Landing Page Analytics Checklist: Events to Track Before You Optimize

A practical landing page analytics checklist covering traffic sources, CTA clicks, form starts, completions, pricing views, key events, and page behavior.

Optimization without analytics is mostly guessing. You can rewrite a headline, move a CTA, shorten a form, or change pricing copy, but without events you will not know what changed.

The goal is not to track everything. The goal is to track the few actions that show whether visitors move from interest to commitment.

A landing page analytics setup should connect traffic source, page behavior, CTA intent, form friction, and the final business action.

This checklist gives you the events to set up before you decide what to optimize.

1. Track traffic source before judging the page

A landing page does not convert the same way for every visitor. Search traffic, paid ads, launch posts, directories, referrals, and repeat visitors arrive with different expectations.

If you judge all traffic together, you can miss the real problem.
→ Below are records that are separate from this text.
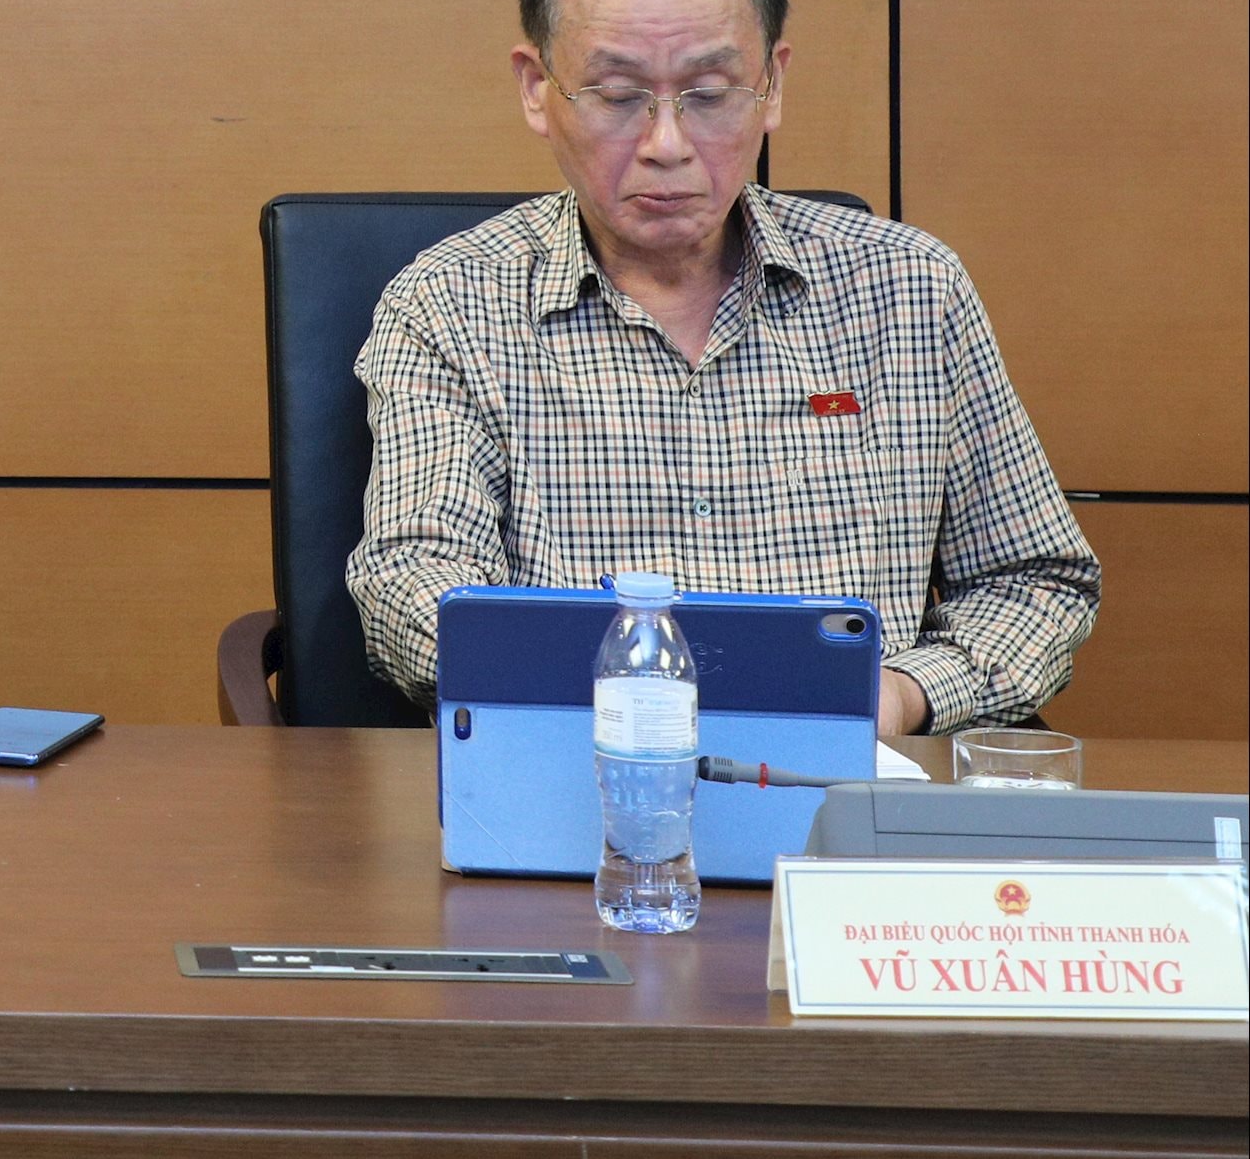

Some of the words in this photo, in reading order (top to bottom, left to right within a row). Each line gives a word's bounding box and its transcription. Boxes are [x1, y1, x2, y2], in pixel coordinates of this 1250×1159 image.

[844, 924, 877, 944] ĐẠI
[882, 920, 926, 942] BIỂU
[930, 921, 984, 944] QUỐC
[989, 923, 1023, 945] HỘI
[1028, 921, 1073, 942] TỈNH
[1078, 926, 1144, 943] THANH
[1148, 923, 1190, 943] HÓA
[858, 949, 918, 992] VŨ
[928, 948, 1048, 993] XUÂN
[1058, 950, 1186, 995] HÙNG
The page might convert well for high-intent search and poorly for broad social traffic, or the reverse.

  • Preserve campaign and referrer information.
  • Segment organic, paid, referral, social, direct, and email traffic.
  • Compare conversion paths by source.
  • Avoid blaming the page before checking traffic intent.

Fix

Start every analytics review by segmenting source and landing page together.

2. Track CTA impressions and clicks

CTA clicks are not the final conversion, but they show whether the page creates enough intent for visitors to move forward.

If visitors reach the CTA but do not click, the problem may be copy, proof, risk, pricing, or visual hierarchy. If they click but do not complete the next step, the problem may be downstream.

  • Track primary CTA clicks.
  • Track secondary CTA clicks separately.
  • Track CTA location when the same action appears multiple times.
  • Compare CTA clicks with form starts or signup starts.

Fix

Name CTA events by action and location, not only by button text.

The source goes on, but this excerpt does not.